Berliner Maschinenbau AG was a German manufacturer of locomotives.
The factory was founded by Louis Victor Robert Schwartzkopff on 3 October 1852 as Eisengießerei und Maschinen-Fabrik von L. Schwartzkopff in Berlin.
The factory was founded on 3 October 1852 as Eisengießerei und Maschinen-Fabrik von L. Schwartzkopff in Berlin by Louis Victor Robert Schwartzkopff. After a fire in 1860 and the expansion of the factory, they started to manufacture turntables, water systems and turnouts for several railway companies. The first locomotive built by the firm was delivered on 1 February 1867 to the Lower Silesian-Mark Railway (Niederschlesisch-Märkische Eisenbahn or NME). On 1 July 1870 the firm was turned into a share company and renamed the Berliner Maschinenbau-Actien-Gesellschaft vormals L. Schwartzkopff, Berlin. In 1897 a second factory was opened in Wildau. From 1899 the company also manufactured Linotype machines for the Mergenthaler factory in Berlin. On 4 July 1907 they started a joint venture with the Munich firm of Maffei. For that purpose the Maffei-Schwartzkopff-Werke GmbH was opened next to the existing factory in Wildau. It was here that the construction of electric locomotives and their equipment began in 1910. In 1924 diesel locomotives followed. In 1932 the Maffei-Schwartzkopff-Werke went bankrupt.

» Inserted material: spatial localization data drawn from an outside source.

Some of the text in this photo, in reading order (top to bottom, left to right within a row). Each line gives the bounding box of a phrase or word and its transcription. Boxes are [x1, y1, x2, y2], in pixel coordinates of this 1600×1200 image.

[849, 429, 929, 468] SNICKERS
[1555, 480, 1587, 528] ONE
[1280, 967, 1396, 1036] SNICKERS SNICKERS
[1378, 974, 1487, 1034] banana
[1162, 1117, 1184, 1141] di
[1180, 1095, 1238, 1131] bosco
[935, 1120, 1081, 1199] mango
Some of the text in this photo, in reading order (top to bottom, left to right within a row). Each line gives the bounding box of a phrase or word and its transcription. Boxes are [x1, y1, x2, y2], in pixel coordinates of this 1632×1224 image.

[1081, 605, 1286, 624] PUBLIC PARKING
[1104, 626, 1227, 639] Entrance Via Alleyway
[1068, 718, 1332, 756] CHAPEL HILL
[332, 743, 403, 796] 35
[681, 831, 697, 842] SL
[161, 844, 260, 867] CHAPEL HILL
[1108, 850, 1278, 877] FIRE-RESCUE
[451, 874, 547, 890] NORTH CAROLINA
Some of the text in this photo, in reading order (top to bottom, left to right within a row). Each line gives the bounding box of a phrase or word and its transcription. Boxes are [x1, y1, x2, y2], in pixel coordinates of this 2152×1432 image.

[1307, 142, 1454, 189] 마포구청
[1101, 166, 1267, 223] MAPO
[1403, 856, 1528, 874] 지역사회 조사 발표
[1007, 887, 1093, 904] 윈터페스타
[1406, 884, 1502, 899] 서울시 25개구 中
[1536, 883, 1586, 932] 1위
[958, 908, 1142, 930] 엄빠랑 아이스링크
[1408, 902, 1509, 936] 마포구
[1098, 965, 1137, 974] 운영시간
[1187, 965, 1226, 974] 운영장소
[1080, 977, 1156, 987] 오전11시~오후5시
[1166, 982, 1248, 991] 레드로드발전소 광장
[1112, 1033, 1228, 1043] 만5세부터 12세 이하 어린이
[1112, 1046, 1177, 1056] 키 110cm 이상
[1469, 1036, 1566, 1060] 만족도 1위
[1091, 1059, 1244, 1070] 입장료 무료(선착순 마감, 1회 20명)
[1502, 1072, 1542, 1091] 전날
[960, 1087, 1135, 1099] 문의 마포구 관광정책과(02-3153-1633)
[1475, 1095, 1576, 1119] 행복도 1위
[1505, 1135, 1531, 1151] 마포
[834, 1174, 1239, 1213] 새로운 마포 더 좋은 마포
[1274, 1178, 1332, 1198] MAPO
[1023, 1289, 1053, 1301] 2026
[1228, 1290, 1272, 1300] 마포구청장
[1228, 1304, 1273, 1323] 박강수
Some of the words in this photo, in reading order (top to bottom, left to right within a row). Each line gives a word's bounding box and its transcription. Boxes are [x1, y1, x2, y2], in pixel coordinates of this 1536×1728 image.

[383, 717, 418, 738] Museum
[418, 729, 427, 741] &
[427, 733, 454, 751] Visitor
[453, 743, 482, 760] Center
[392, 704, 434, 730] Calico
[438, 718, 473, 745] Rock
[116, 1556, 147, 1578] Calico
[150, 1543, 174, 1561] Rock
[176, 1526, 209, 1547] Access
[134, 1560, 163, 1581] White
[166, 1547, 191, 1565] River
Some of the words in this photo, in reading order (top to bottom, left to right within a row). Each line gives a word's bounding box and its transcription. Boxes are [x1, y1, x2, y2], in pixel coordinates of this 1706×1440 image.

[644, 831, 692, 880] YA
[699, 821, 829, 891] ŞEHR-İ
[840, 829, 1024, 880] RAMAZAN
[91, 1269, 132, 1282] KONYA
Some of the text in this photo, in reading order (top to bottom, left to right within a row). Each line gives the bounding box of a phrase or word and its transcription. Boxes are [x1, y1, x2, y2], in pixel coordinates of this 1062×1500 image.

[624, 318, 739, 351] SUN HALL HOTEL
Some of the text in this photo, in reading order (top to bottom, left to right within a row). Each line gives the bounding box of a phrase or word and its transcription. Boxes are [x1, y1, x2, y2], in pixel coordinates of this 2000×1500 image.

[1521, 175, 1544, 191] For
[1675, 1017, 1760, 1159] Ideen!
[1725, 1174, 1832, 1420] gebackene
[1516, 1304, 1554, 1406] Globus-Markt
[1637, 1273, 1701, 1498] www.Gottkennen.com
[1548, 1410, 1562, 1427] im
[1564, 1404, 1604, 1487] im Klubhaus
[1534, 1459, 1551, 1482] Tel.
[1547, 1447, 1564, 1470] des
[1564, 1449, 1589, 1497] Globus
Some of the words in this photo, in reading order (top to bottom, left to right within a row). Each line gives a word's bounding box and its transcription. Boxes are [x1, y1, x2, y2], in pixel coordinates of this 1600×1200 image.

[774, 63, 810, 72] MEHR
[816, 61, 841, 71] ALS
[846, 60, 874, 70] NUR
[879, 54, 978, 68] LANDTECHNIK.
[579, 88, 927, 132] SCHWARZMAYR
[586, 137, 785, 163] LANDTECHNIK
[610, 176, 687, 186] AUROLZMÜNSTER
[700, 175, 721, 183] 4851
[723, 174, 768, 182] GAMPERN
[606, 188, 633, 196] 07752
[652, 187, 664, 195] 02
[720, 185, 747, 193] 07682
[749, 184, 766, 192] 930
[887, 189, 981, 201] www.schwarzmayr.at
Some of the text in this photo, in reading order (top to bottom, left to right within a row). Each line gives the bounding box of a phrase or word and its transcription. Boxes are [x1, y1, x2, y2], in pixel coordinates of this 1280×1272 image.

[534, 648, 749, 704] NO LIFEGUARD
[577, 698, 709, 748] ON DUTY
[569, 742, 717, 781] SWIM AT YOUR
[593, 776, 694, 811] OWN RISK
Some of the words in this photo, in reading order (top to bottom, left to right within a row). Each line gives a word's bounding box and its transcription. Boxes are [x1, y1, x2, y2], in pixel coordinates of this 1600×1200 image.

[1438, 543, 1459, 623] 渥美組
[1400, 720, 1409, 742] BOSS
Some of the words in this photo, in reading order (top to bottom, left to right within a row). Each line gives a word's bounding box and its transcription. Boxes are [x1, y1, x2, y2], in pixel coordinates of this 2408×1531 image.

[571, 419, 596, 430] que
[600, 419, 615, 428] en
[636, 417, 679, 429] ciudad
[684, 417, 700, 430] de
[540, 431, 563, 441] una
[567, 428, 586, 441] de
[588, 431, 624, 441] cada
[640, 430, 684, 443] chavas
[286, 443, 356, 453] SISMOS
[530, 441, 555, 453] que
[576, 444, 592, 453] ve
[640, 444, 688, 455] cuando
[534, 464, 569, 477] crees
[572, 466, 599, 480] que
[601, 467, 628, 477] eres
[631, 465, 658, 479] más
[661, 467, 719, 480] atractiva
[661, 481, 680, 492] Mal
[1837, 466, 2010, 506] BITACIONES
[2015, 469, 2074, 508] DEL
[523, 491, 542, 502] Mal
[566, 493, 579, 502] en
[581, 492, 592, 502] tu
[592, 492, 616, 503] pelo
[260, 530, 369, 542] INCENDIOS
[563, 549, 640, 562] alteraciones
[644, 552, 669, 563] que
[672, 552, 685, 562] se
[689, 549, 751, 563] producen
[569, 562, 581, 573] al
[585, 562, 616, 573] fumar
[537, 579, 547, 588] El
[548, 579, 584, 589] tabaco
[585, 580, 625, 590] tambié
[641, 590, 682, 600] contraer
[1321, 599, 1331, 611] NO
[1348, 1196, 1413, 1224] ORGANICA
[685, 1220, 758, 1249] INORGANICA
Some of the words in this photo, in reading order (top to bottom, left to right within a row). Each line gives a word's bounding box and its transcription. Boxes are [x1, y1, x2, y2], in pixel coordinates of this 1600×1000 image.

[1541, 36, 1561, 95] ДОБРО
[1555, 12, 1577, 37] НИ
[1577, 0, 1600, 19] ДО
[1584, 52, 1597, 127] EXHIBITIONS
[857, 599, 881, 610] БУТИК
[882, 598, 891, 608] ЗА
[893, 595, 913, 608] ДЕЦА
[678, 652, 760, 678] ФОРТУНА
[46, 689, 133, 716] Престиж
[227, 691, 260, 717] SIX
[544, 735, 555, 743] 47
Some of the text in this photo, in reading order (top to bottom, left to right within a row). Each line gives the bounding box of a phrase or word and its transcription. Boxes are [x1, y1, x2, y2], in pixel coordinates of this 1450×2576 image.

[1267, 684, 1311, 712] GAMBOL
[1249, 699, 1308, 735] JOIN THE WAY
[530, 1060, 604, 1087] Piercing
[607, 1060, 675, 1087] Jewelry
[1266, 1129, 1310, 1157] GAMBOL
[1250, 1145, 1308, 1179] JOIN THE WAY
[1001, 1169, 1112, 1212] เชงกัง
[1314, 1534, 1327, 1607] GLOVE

In 1945, following the destruction of the factory halls during the Second World War and the dismantling of other parts of the factory in Berlin and Wildau, the construction of locomotiven by the Berliner Maschinenbau finally ended. On 20 September 1945 the production of cast iron components, linotype machines and glass-blowing machines started up in the remaining parts of the factory. In 1961 the tractor firm of Moorburger Treckerwerke was bought and its production changed. In 1966 the Berliner Maschinenbau was merged into the DIAG, the Deutsche(n) Industrieanlagen Gesellschaft mbH.